[What to work on] Repeat the data verbatim.

==== Data to process

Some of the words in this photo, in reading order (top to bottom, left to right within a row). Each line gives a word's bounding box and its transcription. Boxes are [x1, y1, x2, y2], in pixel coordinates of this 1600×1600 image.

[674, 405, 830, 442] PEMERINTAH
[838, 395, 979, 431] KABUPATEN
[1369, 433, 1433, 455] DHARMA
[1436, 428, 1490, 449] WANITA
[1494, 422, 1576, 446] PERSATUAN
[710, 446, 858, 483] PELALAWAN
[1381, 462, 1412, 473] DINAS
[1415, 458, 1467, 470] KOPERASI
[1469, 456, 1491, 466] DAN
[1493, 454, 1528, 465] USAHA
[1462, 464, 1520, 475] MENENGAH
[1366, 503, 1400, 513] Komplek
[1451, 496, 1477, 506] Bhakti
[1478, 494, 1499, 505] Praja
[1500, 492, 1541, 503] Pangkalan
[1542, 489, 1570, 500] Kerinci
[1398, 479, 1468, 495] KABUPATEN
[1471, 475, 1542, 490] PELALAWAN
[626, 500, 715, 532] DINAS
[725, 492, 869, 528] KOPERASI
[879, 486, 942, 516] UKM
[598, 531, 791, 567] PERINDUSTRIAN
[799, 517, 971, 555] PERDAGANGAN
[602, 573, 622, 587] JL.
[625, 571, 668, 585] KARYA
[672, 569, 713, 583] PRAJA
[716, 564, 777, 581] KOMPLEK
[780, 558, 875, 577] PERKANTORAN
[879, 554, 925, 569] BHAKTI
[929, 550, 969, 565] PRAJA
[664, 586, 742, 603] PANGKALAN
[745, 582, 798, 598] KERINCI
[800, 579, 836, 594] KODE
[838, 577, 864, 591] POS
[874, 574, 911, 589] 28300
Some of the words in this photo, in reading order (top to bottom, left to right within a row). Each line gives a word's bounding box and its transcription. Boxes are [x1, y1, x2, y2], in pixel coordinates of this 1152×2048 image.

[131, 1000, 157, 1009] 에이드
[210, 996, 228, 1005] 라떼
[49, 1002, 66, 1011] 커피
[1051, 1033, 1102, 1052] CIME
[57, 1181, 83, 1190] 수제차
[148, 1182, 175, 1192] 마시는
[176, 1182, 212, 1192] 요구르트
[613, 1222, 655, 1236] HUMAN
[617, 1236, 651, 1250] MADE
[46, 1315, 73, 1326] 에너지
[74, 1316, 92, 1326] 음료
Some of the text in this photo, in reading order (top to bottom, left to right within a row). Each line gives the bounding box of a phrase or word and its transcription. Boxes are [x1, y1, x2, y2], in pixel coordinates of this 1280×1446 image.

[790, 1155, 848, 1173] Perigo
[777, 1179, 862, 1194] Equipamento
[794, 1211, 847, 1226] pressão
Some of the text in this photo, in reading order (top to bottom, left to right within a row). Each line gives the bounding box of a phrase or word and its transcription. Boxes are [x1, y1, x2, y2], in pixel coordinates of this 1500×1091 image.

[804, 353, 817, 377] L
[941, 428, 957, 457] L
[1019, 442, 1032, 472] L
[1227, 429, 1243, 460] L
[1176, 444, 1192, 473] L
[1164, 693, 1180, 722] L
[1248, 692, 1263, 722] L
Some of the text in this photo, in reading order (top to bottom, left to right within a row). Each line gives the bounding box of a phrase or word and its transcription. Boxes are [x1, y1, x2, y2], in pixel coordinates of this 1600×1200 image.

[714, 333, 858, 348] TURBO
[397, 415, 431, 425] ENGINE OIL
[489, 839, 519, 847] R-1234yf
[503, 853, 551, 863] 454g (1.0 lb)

========

[Result of this exercise]
Some of the words in this photo, in reading order (top to bottom, left to right within a row). Each line gives a word's bounding box and its transcription. Boxes are [x1, y1, x2, y2], in pixel coordinates of this 1600×1600 image.

[674, 405, 830, 442] PEMERINTAH
[838, 395, 979, 431] KABUPATEN
[1369, 433, 1433, 455] DHARMA
[1436, 428, 1490, 449] WANITA
[1494, 422, 1576, 446] PERSATUAN
[710, 446, 858, 483] PELALAWAN
[1381, 462, 1412, 473] DINAS
[1415, 458, 1467, 470] KOPERASI
[1469, 456, 1491, 466] DAN
[1493, 454, 1528, 465] USAHA
[1462, 464, 1520, 475] MENENGAH
[1366, 503, 1400, 513] Komplek
[1451, 496, 1477, 506] Bhakti
[1478, 494, 1499, 505] Praja
[1500, 492, 1541, 503] Pangkalan
[1542, 489, 1570, 500] Kerinci
[1398, 479, 1468, 495] KABUPATEN
[1471, 475, 1542, 490] PELALAWAN
[626, 500, 715, 532] DINAS
[725, 492, 869, 528] KOPERASI
[879, 486, 942, 516] UKM
[598, 531, 791, 567] PERINDUSTRIAN
[799, 517, 971, 555] PERDAGANGAN
[602, 573, 622, 587] JL.
[625, 571, 668, 585] KARYA
[672, 569, 713, 583] PRAJA
[716, 564, 777, 581] KOMPLEK
[780, 558, 875, 577] PERKANTORAN
[879, 554, 925, 569] BHAKTI
[929, 550, 969, 565] PRAJA
[664, 586, 742, 603] PANGKALAN
[745, 582, 798, 598] KERINCI
[800, 579, 836, 594] KODE
[838, 577, 864, 591] POS
[874, 574, 911, 589] 28300
Some of the words in this photo, in reading order (top to bottom, left to right within a row). Each line gives a word's bounding box and its transcription. Boxes are [x1, y1, x2, y2], in pixel coordinates of this 1152×2048 image.

[131, 1000, 157, 1009] 에이드
[210, 996, 228, 1005] 라떼
[49, 1002, 66, 1011] 커피
[1051, 1033, 1102, 1052] CIME
[57, 1181, 83, 1190] 수제차
[148, 1182, 175, 1192] 마시는
[176, 1182, 212, 1192] 요구르트
[613, 1222, 655, 1236] HUMAN
[617, 1236, 651, 1250] MADE
[46, 1315, 73, 1326] 에너지
[74, 1316, 92, 1326] 음료
Some of the text in this photo, in reading order (top to bottom, left to right within a row). Each line gives the bounding box of a phrase or word and its transcription. Boxes are [x1, y1, x2, y2], in pixel coordinates of this 1280×1446 image.

[790, 1155, 848, 1173] Perigo
[777, 1179, 862, 1194] Equipamento
[794, 1211, 847, 1226] pressão
Some of the text in this photo, in reading order (top to bottom, left to right within a row). Each line gives the bounding box of a phrase or word and its transcription. Boxes are [x1, y1, x2, y2], in pixel coordinates of this 1500×1091 image.

[804, 353, 817, 377] L
[941, 428, 957, 457] L
[1019, 442, 1032, 472] L
[1227, 429, 1243, 460] L
[1176, 444, 1192, 473] L
[1164, 693, 1180, 722] L
[1248, 692, 1263, 722] L
Some of the text in this photo, in reading order (top to bottom, left to right within a row). Each line gives the bounding box of a phrase or word and its transcription. Boxes are [x1, y1, x2, y2], in pixel coordinates of this 1600×1200 image.

[714, 333, 858, 348] TURBO
[397, 415, 431, 425] ENGINE OIL
[489, 839, 519, 847] R-1234yf
[503, 853, 551, 863] 454g (1.0 lb)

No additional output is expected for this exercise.